MCRC@ADVIS DEI Conference: 10/11/19
Understanding White Privilege
Introductory: New to topic / subject matter
Social/Cultural Identifiers Diversity, Equity & Inclusion
Session repeats - Round 1 & 2
Kristen Ostendorf, History Teacher, The William Penn Charter School
Many people who identify as white don't consider the cultural aspects and identifiers that go with having white skin. This means that unearned privilege goes unexamined. In the educational context, white teachers often leave unchallenged how "whiteness" impacts their curricula and students, particularly students of color. In this workshop, educators will gain a brief survey of some work being done on this topic, including that of Debby Irving and Robin DiAngelo. During the interactive discussion, participants will work to identify where white culture infiltrates their lives and how it reinforces systemic racism. From there, participants will work to examine where it manifests itself in their personal lives and curricula. After thoughtful discussion, participants will create an action plan and connect with an accountability partner to help them implement their plan.
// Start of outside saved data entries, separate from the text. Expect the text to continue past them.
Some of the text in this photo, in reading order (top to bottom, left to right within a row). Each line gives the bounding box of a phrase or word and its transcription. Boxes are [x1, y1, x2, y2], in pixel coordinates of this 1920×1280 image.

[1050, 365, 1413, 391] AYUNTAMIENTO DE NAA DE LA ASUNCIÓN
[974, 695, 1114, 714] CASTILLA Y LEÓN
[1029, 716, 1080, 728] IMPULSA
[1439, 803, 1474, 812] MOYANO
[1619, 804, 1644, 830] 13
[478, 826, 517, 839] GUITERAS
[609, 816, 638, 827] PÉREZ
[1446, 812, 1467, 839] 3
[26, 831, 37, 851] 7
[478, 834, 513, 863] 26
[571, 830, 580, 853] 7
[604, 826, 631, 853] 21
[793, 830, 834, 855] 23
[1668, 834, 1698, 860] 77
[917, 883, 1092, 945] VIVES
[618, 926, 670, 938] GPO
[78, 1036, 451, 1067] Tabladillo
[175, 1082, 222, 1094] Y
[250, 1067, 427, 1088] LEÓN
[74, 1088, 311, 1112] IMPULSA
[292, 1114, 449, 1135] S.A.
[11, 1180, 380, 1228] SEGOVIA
Understanding white culture and identity is essential to building anti-racist educators. Understanding the unearned privilege helps white educators identify "whiteness" when it appears in curriculum and assists us in dismantling systems of oppression that would otherwise remain invisible in our schools.
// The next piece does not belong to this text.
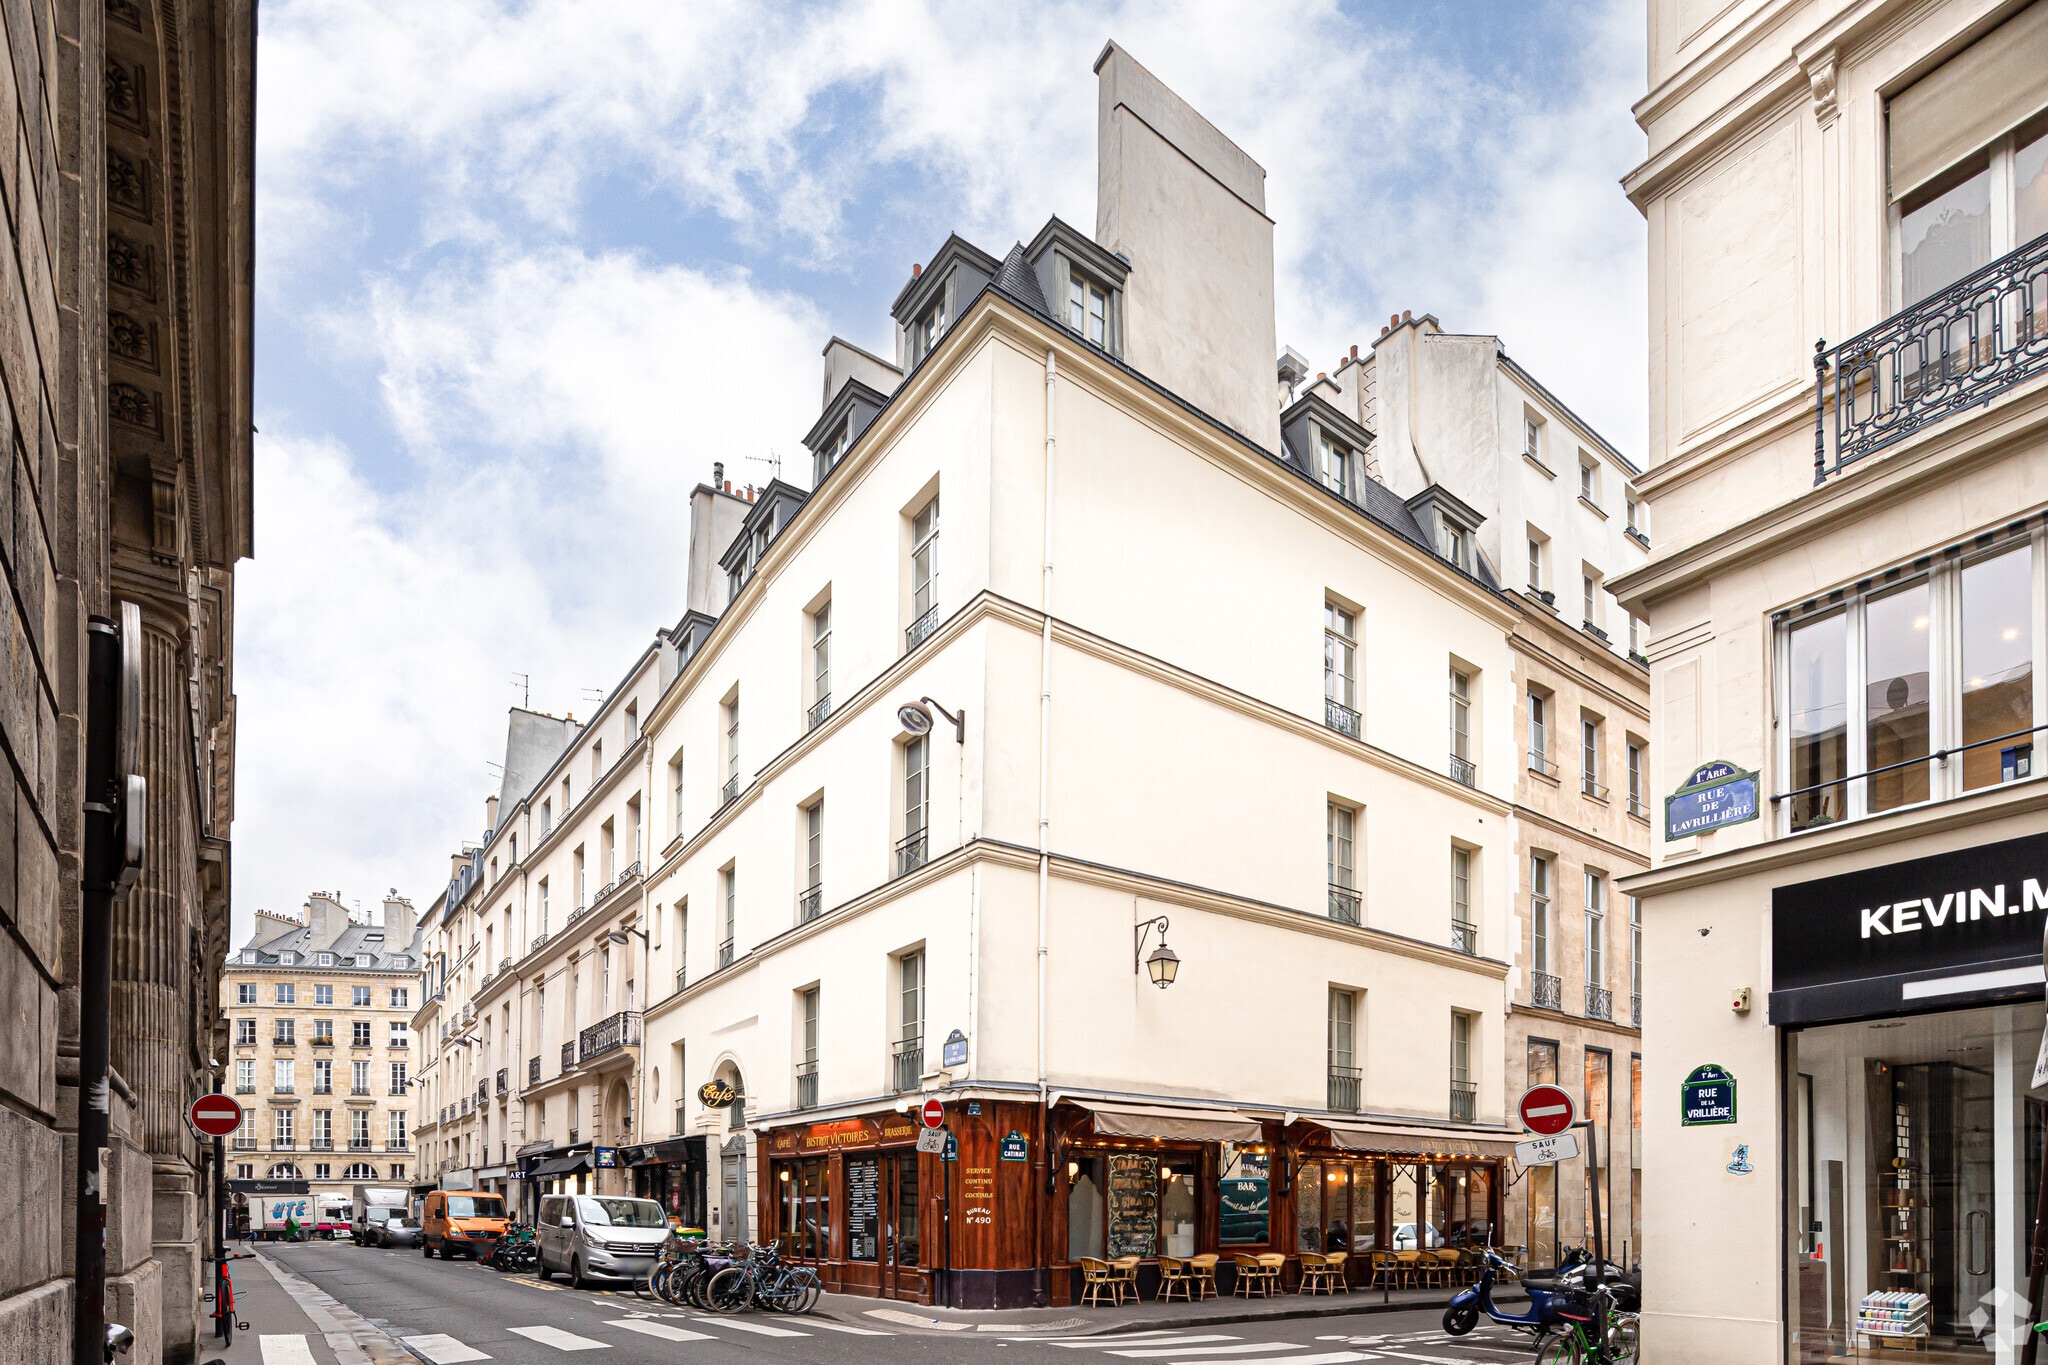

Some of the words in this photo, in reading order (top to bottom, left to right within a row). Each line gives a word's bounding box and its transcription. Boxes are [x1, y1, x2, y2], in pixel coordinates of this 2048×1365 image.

Participants will have a better understanding of white culture and white identity; will be better able to identify white privilege in their personal and institutional context; and will leave the workshop with a concrete "next step" to engage in social justice work and/or dismantle racism.
is an upper school history teacher at William Penn Charter School, a Quaker school in Philadelphia. She has facilitated talks and book study groups on the topic of white privilege both for her religious denomination and at her school. She has taught in both private and public schools during her career. Before becoming a teacher, she was a newspaper reporter.